WHAT TO DO ::
Each record should be given back exactly, with none missing.

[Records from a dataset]
——

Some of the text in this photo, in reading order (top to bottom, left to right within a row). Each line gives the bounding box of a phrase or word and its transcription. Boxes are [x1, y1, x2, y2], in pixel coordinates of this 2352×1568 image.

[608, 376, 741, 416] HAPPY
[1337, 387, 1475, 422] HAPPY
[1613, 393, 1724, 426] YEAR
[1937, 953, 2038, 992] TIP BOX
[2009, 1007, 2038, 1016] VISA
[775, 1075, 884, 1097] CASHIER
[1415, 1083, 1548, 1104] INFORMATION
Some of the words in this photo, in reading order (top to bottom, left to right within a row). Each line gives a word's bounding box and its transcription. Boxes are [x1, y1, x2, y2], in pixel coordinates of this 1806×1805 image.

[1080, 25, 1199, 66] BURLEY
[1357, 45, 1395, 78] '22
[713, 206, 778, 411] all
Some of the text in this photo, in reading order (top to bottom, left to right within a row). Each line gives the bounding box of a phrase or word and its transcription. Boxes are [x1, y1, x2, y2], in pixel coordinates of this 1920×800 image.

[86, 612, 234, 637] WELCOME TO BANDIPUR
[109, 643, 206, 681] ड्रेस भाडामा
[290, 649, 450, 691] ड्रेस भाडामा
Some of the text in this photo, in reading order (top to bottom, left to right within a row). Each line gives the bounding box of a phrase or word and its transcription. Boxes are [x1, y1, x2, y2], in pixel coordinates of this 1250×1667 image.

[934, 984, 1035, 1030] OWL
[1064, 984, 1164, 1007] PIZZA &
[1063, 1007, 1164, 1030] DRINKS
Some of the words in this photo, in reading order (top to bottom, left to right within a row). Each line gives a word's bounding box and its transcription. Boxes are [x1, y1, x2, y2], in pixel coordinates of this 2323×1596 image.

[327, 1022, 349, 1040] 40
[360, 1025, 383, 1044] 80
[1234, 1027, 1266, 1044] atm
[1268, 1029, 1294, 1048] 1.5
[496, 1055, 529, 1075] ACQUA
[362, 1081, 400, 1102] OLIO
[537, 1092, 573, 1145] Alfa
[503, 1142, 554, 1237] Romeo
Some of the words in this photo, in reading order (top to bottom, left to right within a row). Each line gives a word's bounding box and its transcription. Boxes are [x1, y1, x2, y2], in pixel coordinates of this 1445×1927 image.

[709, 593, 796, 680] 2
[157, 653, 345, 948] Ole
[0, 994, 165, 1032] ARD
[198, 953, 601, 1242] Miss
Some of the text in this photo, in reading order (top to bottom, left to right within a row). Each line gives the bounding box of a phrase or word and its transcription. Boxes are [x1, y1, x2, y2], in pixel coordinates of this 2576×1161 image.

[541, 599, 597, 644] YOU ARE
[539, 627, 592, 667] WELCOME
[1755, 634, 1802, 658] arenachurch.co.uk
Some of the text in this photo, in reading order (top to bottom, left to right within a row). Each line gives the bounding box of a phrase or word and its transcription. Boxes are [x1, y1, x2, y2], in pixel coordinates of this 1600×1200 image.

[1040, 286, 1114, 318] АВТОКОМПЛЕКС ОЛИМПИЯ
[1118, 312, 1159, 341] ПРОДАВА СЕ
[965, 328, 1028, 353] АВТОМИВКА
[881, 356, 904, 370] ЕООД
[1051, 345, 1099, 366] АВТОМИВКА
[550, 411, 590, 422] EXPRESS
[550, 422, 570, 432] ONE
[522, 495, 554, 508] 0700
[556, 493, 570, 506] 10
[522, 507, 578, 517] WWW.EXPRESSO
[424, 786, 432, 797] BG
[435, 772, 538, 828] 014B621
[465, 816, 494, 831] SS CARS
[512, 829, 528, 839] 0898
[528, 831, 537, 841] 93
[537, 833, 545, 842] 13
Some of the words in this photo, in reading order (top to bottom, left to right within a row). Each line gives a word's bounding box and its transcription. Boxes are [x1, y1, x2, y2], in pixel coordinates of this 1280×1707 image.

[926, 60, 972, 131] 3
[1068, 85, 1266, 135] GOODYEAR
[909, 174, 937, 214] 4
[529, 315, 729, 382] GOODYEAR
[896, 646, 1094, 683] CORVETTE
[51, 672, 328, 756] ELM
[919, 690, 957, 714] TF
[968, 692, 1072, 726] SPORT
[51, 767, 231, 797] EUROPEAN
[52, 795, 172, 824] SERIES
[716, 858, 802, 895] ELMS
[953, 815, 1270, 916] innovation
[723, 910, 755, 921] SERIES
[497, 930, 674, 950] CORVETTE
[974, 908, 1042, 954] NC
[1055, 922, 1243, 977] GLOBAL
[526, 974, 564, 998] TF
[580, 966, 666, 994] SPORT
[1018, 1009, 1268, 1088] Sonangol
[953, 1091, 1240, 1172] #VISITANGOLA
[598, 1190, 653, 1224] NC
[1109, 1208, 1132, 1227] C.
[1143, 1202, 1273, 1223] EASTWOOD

——

TASK RESPONSE ::
Some of the text in this photo, in reading order (top to bottom, left to right within a row). Each line gives the bounding box of a phrase or word and its transcription. Boxes are [x1, y1, x2, y2], in pixel coordinates of this 2352×1568 image.

[608, 376, 741, 416] HAPPY
[1337, 387, 1475, 422] HAPPY
[1613, 393, 1724, 426] YEAR
[1937, 953, 2038, 992] TIP BOX
[2009, 1007, 2038, 1016] VISA
[775, 1075, 884, 1097] CASHIER
[1415, 1083, 1548, 1104] INFORMATION
Some of the words in this photo, in reading order (top to bottom, left to right within a row). Each line gives a word's bounding box and its transcription. Boxes are [x1, y1, x2, y2], in pixel coordinates of this 1806×1805 image.

[1080, 25, 1199, 66] BURLEY
[1357, 45, 1395, 78] '22
[713, 206, 778, 411] all
Some of the text in this photo, in reading order (top to bottom, left to right within a row). Each line gives the bounding box of a phrase or word and its transcription. Boxes are [x1, y1, x2, y2], in pixel coordinates of this 1920×800 image.

[86, 612, 234, 637] WELCOME TO BANDIPUR
[109, 643, 206, 681] ड्रेस भाडामा
[290, 649, 450, 691] ड्रेस भाडामा
Some of the text in this photo, in reading order (top to bottom, left to right within a row). Each line gives the bounding box of a phrase or word and its transcription. Boxes are [x1, y1, x2, y2], in pixel coordinates of this 1250×1667 image.

[934, 984, 1035, 1030] OWL
[1064, 984, 1164, 1007] PIZZA &
[1063, 1007, 1164, 1030] DRINKS
Some of the words in this photo, in reading order (top to bottom, left to right within a row). Each line gives a word's bounding box and its transcription. Boxes are [x1, y1, x2, y2], in pixel coordinates of this 2323×1596 image.

[327, 1022, 349, 1040] 40
[360, 1025, 383, 1044] 80
[1234, 1027, 1266, 1044] atm
[1268, 1029, 1294, 1048] 1.5
[496, 1055, 529, 1075] ACQUA
[362, 1081, 400, 1102] OLIO
[537, 1092, 573, 1145] Alfa
[503, 1142, 554, 1237] Romeo
Some of the words in this photo, in reading order (top to bottom, left to right within a row). Each line gives a word's bounding box and its transcription. Boxes are [x1, y1, x2, y2], in pixel coordinates of this 1445×1927 image.

[709, 593, 796, 680] 2
[157, 653, 345, 948] Ole
[0, 994, 165, 1032] ARD
[198, 953, 601, 1242] Miss
Some of the text in this photo, in reading order (top to bottom, left to right within a row). Each line gives the bounding box of a phrase or word and its transcription. Boxes are [x1, y1, x2, y2], in pixel coordinates of this 2576×1161 image.

[541, 599, 597, 644] YOU ARE
[539, 627, 592, 667] WELCOME
[1755, 634, 1802, 658] arenachurch.co.uk
Some of the text in this photo, in reading order (top to bottom, left to right within a row). Each line gives the bounding box of a phrase or word and its transcription. Boxes are [x1, y1, x2, y2], in pixel coordinates of this 1600×1200 image.

[1040, 286, 1114, 318] АВТОКОМПЛЕКС ОЛИМПИЯ
[1118, 312, 1159, 341] ПРОДАВА СЕ
[965, 328, 1028, 353] АВТОМИВКА
[881, 356, 904, 370] ЕООД
[1051, 345, 1099, 366] АВТОМИВКА
[550, 411, 590, 422] EXPRESS
[550, 422, 570, 432] ONE
[522, 495, 554, 508] 0700
[556, 493, 570, 506] 10
[522, 507, 578, 517] WWW.EXPRESSO
[424, 786, 432, 797] BG
[435, 772, 538, 828] 014B621
[465, 816, 494, 831] SS CARS
[512, 829, 528, 839] 0898
[528, 831, 537, 841] 93
[537, 833, 545, 842] 13
Some of the words in this photo, in reading order (top to bottom, left to right within a row). Each line gives a word's bounding box and its transcription. Boxes are [x1, y1, x2, y2], in pixel coordinates of this 1280×1707 image.

[926, 60, 972, 131] 3
[1068, 85, 1266, 135] GOODYEAR
[909, 174, 937, 214] 4
[529, 315, 729, 382] GOODYEAR
[896, 646, 1094, 683] CORVETTE
[51, 672, 328, 756] ELM
[919, 690, 957, 714] TF
[968, 692, 1072, 726] SPORT
[51, 767, 231, 797] EUROPEAN
[52, 795, 172, 824] SERIES
[716, 858, 802, 895] ELMS
[953, 815, 1270, 916] innovation
[723, 910, 755, 921] SERIES
[497, 930, 674, 950] CORVETTE
[974, 908, 1042, 954] NC
[1055, 922, 1243, 977] GLOBAL
[526, 974, 564, 998] TF
[580, 966, 666, 994] SPORT
[1018, 1009, 1268, 1088] Sonangol
[953, 1091, 1240, 1172] #VISITANGOLA
[598, 1190, 653, 1224] NC
[1109, 1208, 1132, 1227] C.
[1143, 1202, 1273, 1223] EASTWOOD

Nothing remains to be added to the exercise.